I have been obsessed with velocity based training for as long as I have been coaching.
We had a linear positional transducer (tethered string device, LPT for short) in our gym very early on and would have our athletes compete on relative power output. Whenever an athlete started to hit a plateau for weight, we would shift focus and chase watts relative to bodyweight as a way to create a new training goal, making sessions competitive and motivating.
We knew we were on to something, because every time we brought out the LPT device for a few weeks, athletes started telling us about how much higher they were jumping. Chasing power was giving their lifting intent a boost and that translated into improvements in rate of force development and athletic power output.
Unfortunately, we only had one device and with over 100 athletes we couldn't warrant bringing it out every session. The slow software, bluetooth issues and cost of getting more devices meant we had to treat velocity tracking as a novelty and not a staple of our training.
Despite these limitations, our great results showed just how valuable even this simple application of VBT could be. It makes so much sense that we should put as much attention into the velocity and intent of our lifting as we do into the load, reps, and sets we complete.

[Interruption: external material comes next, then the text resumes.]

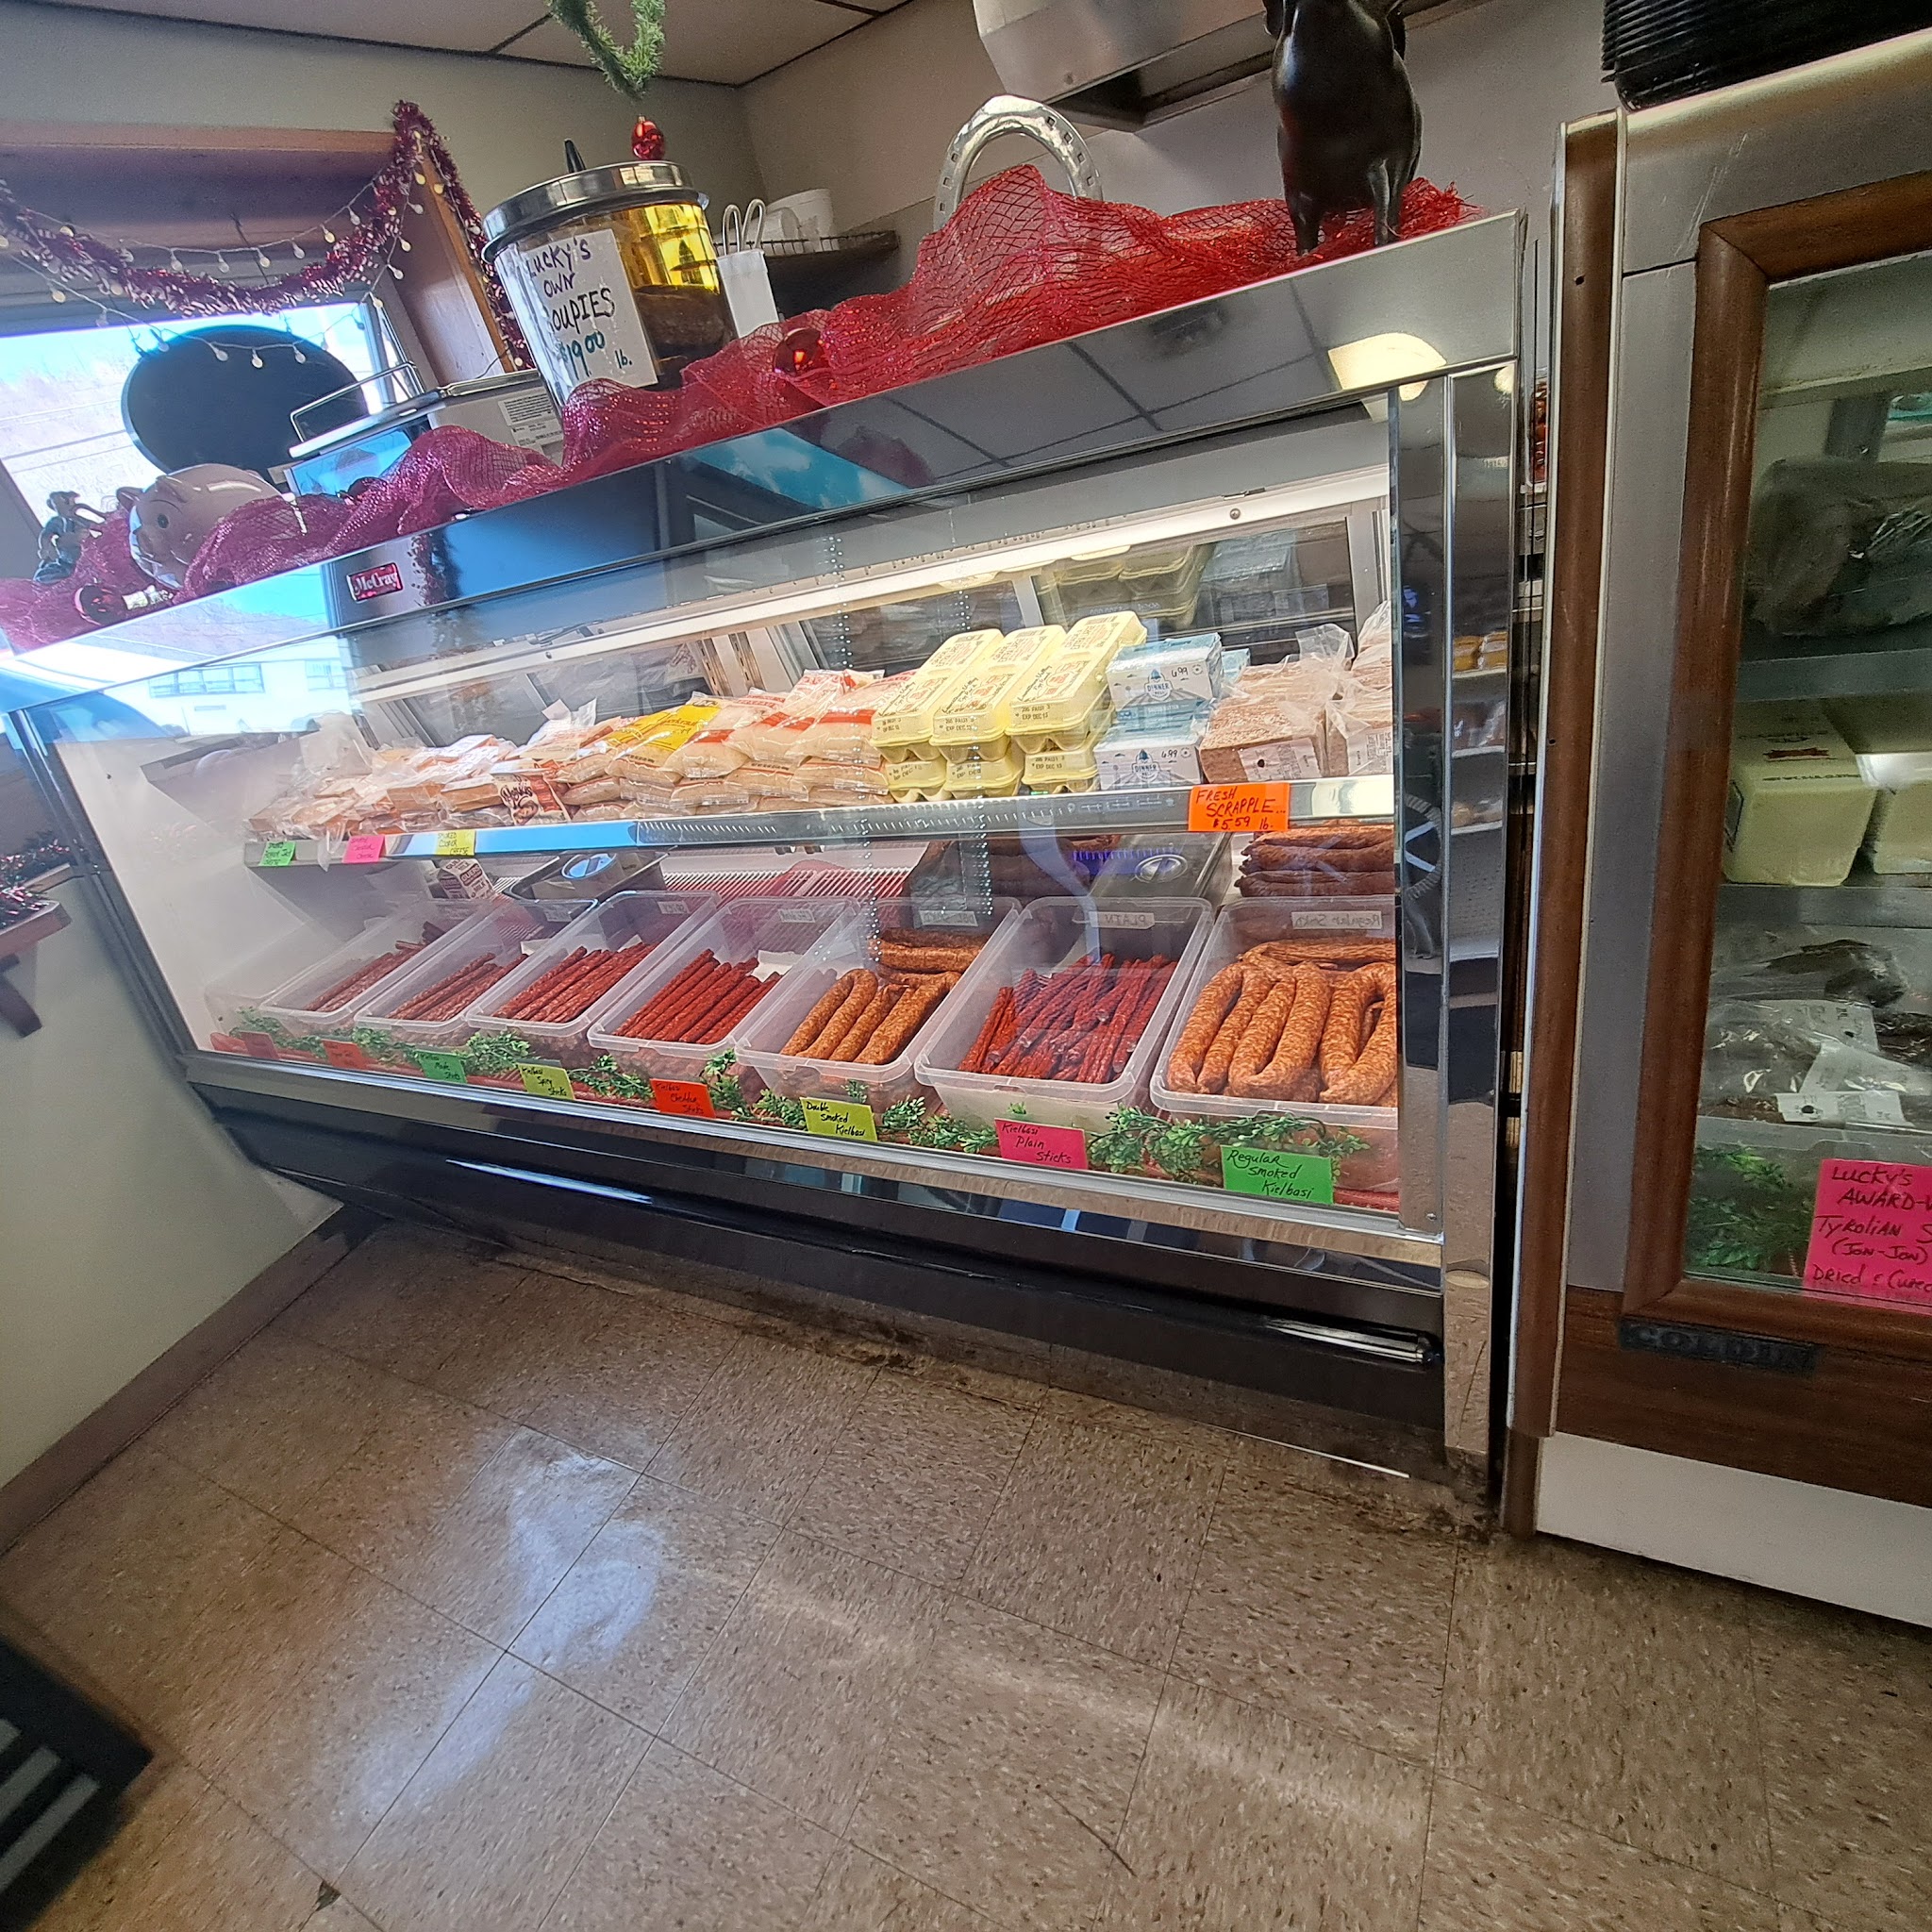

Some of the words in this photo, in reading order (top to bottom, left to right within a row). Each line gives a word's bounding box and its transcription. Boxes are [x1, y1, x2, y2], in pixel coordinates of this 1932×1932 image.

You already do velocity based training - you just don't call it that
Every person who has been lifting weights for even a short period of time uses velocity to regulate their training. Whether it is conscious or subconscious, lifters are constantly analysing their sets through the lens of how fast the bar moves.
After, or even during the set, lifters perform system checks, analysing the feedback from their bodies and brains to help answer the important question about how challenging a weight is, trying to gauge how close the set was to failure, and how well we are performing relative to our recent history.

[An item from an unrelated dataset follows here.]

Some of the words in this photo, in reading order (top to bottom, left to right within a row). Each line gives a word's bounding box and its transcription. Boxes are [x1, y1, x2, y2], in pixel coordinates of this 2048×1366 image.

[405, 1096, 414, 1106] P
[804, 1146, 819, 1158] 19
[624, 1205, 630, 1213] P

The language we associate with this effort almost always refers to the speed, or smoothness of the set. Effort, intent and exertion are all described by describing how fast the weights move.
"Those deadlifts flew up"
"I ripped that power clean"
"The weights are popping today"
"That 180kg was sloooow today"
Athletes and coaches have intuitively understood the connection between bar speed, effort levels and proximity to failure long before velocity tracking became a thing. When the weights are moving fast we have plenty left in the tank, so we load up the bar or smash out more reps, but when the weights are moving slow, we are closer to our one-rep max (1RM) or to the point of failure. Even a moderately experienced lifter or coach can judge this relationship between velocity and exertion with their coaches eye and a learned feel for the lift.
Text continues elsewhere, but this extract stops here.